Open-Angle Glaucoma and Erectile Dysfunction
Ophthalmology
Published online Oct. 31, 2011

Chung et al. have found a novel association between erectile dysfunction (ED) and open-angle glaucoma (OAG), with ED patients experiencing a 2.85-fold greater risk of a prior OAG diagnosis than those individuals without a diagnosis of ED. The authors note this study is the first to document the association between ED and OAG in a population-based data set, which suggests that a common mechanism may be present in the two conditions.

The authors used data from the Longitudinal Health Insurance Database 2000 in Taiwan to identify 4,605 patients with ED and 23,025 individuals as controls. They used conditional logistic regression analysis, adjusting for patients’ monthly income, geographic location, hypertension, diabetes, coronary heart disease, hyperlipidemia, obesity and alcohol abuse. Among all patients, prior OAG was found in 137 (0.5 percent)— 53 individuals with ED (1.1 percent) and 84 without ED (0.4 percent).

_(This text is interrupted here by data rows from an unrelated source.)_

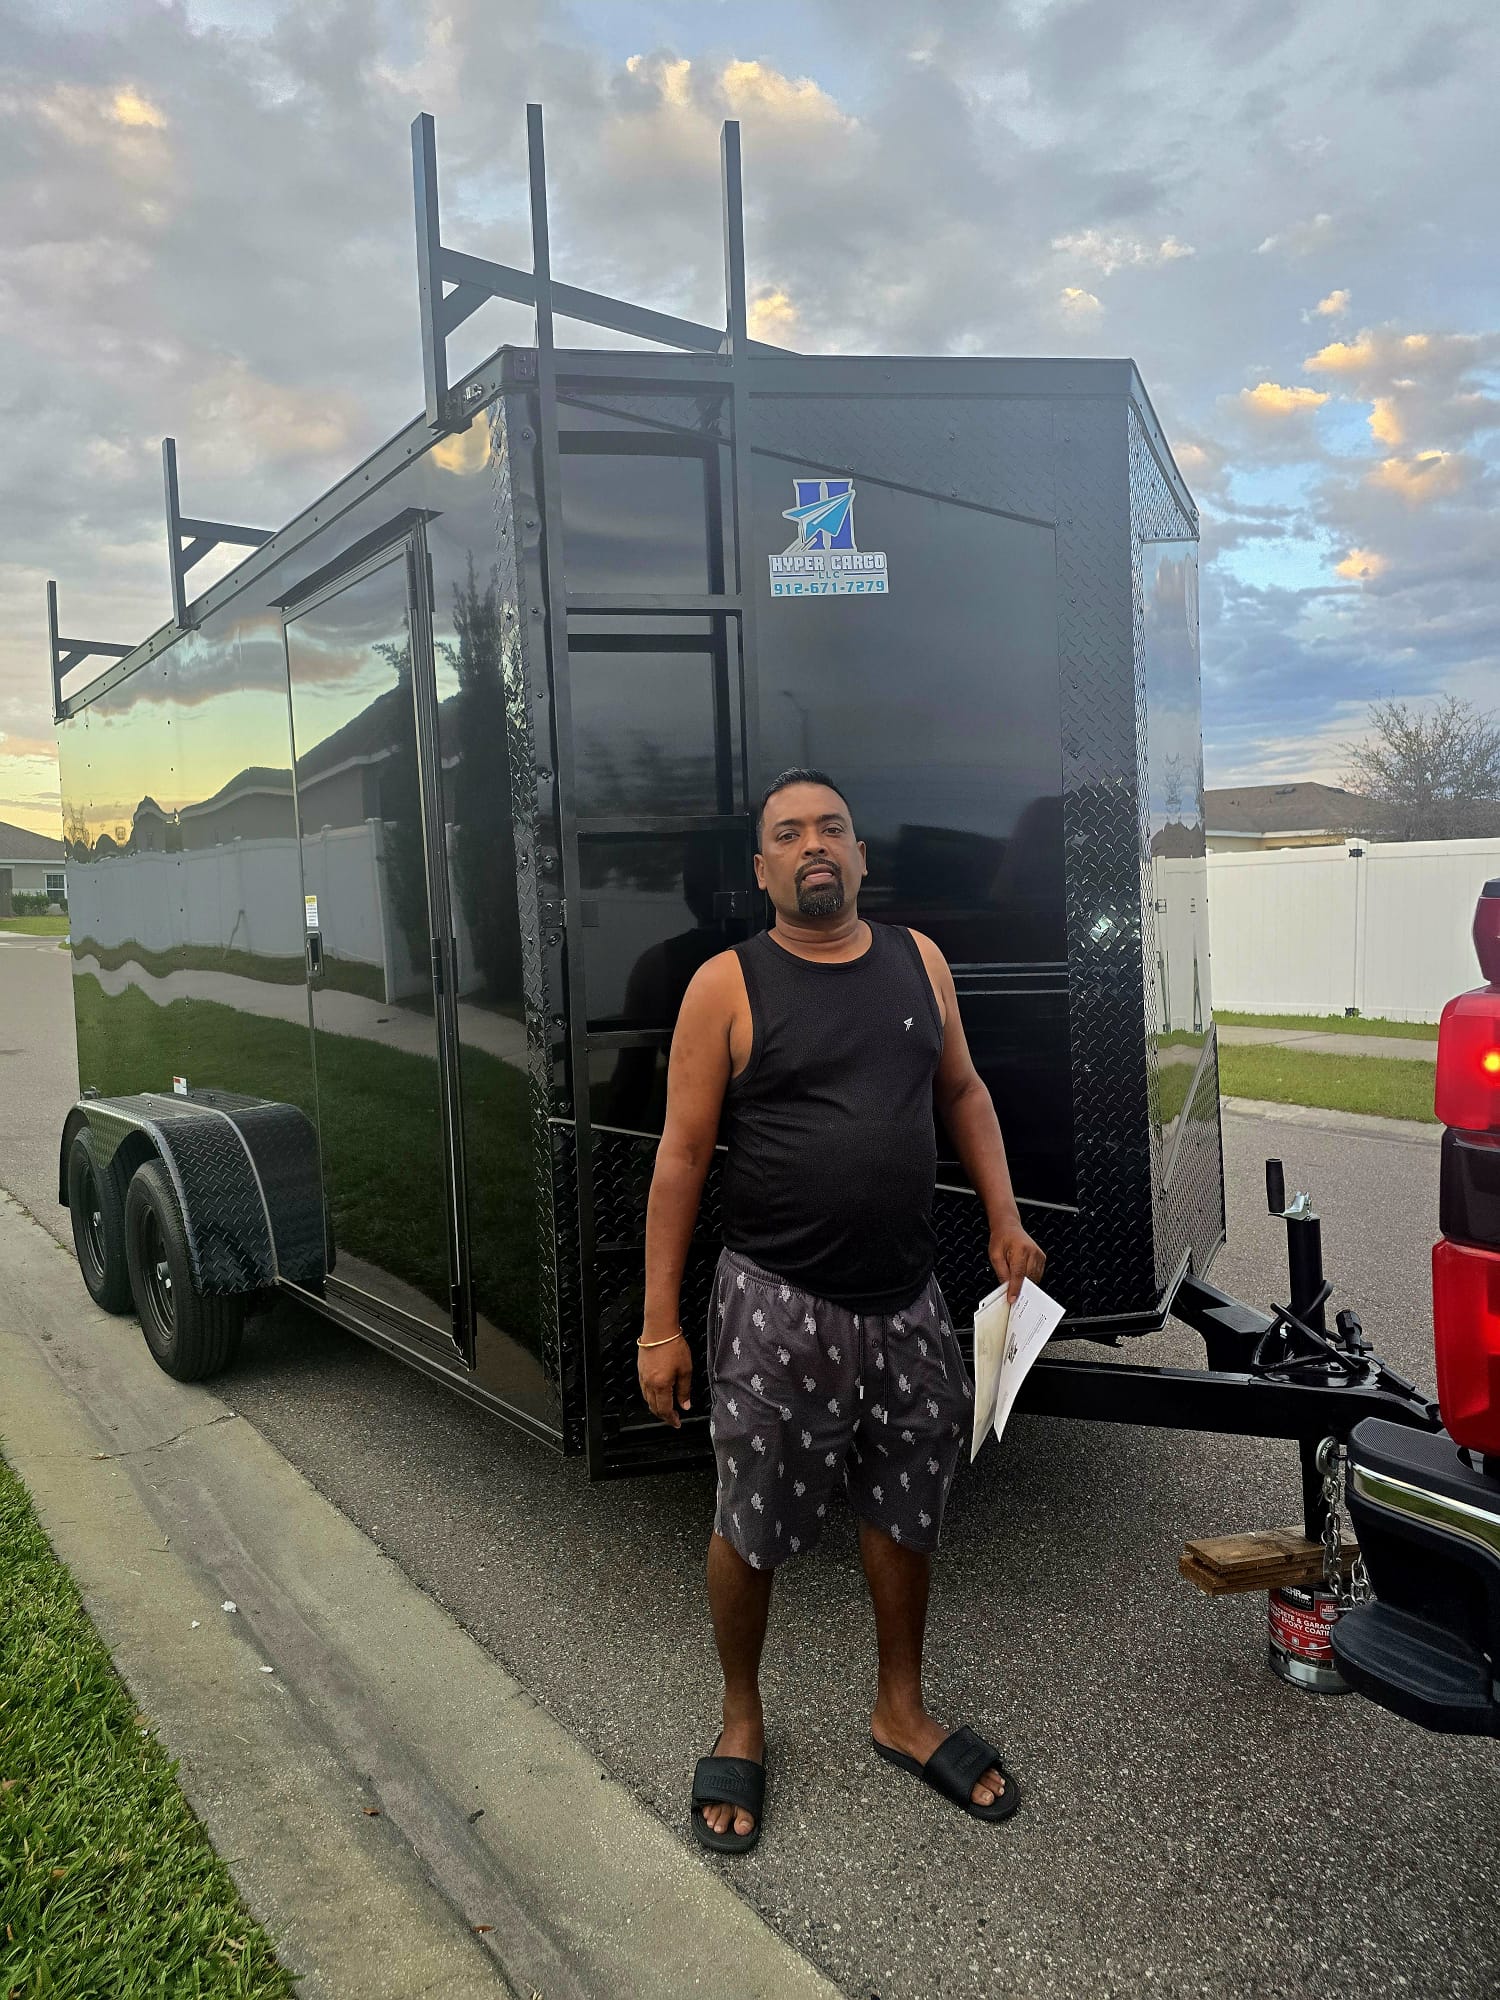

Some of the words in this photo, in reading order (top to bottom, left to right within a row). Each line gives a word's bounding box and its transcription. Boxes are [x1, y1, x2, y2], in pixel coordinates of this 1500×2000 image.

[772, 556, 825, 572] HYPER
[831, 554, 886, 571] CARGO
[818, 571, 840, 579] LLC
[774, 580, 885, 595] 912-671-7279
[1281, 1616, 1303, 1631] EPOXY

The authors recommend conducting prospective studies to develop clinical guidelines for evaluating concurrent or subsequent ED in patients with OAG.

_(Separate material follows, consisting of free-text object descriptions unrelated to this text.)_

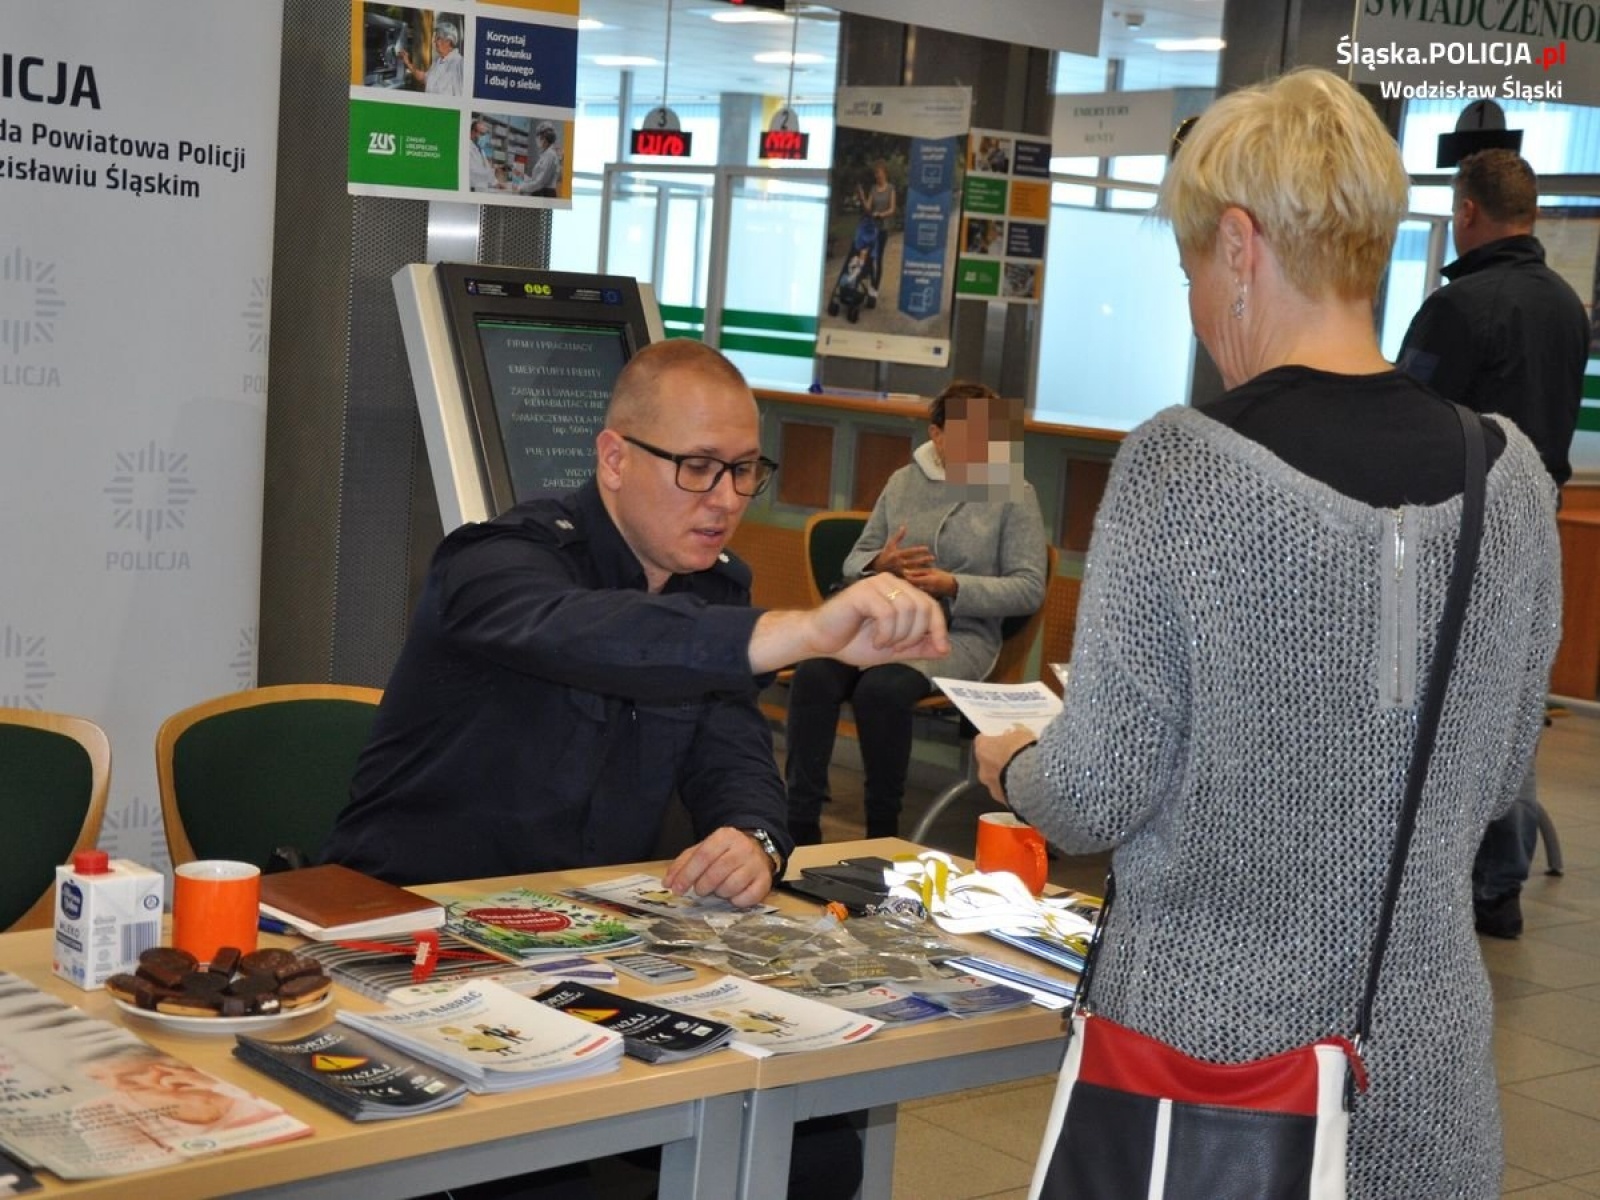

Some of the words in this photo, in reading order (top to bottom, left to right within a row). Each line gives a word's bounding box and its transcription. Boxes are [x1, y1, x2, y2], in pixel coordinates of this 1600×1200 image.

[486, 30, 526, 47] Korzystaj
[492, 47, 532, 61] rachunku
[485, 60, 534, 77] bankowego
[489, 75, 508, 89] dbaj
[509, 79, 516, 88] o
[516, 78, 541, 91] siebie
[657, 108, 668, 129] 3
[779, 109, 789, 130] 2
[1474, 102, 1484, 129] 1
[32, 122, 169, 160] Powiatowa
[178, 140, 246, 173] Policji
[367, 131, 396, 155] ZUS
[106, 163, 200, 199] Śląskim
[2, 365, 61, 388] LICJA
[105, 551, 192, 572] POLICJA

IOP Changes in Primary Angle-Closure Suspects Following Laser Peripheral Iridotomy
Ophthalmology
Published online Oct. 31, 2011

In a controlled trial, Jiang et al. found that the incidence of clinically significant IOP elevation after laser peripheral iridotomy (LPI) is low in angle-closure suspects. They also discovered that eyes in which a higher number of laser pulses were used and those with shallower central anterior chambers were at increased risk for IOP spikes after LPI. Specifically, LPI in primary angle-closure suspects resulted in an increase in IOP of 8 mmHg or greater in 9.8 percent of cases at one hour and 0.82 percent of cases at two weeks.

The study involved 734 Chinese patients, aged 50 to 70 years, with suspected primary angle closure. One eye underwent iridotomy using an Nd:YAG laser, and the untreated fellow eye served as the control. The authors measured IOP at one hour and at two weeks after treatment.


Presence of Abducens Nerve in Type 2 Duane’s Retraction Syndrome Patients
Ophthalmology
Published online Oct. 31, 2011

Employing thin-sectioned MRI technology, Kim and Hwang demonstrated that the abducens nerve is present on the affected side in patients with type 2 Duane’s retraction syndrome (DRS), the rarest type of DRS.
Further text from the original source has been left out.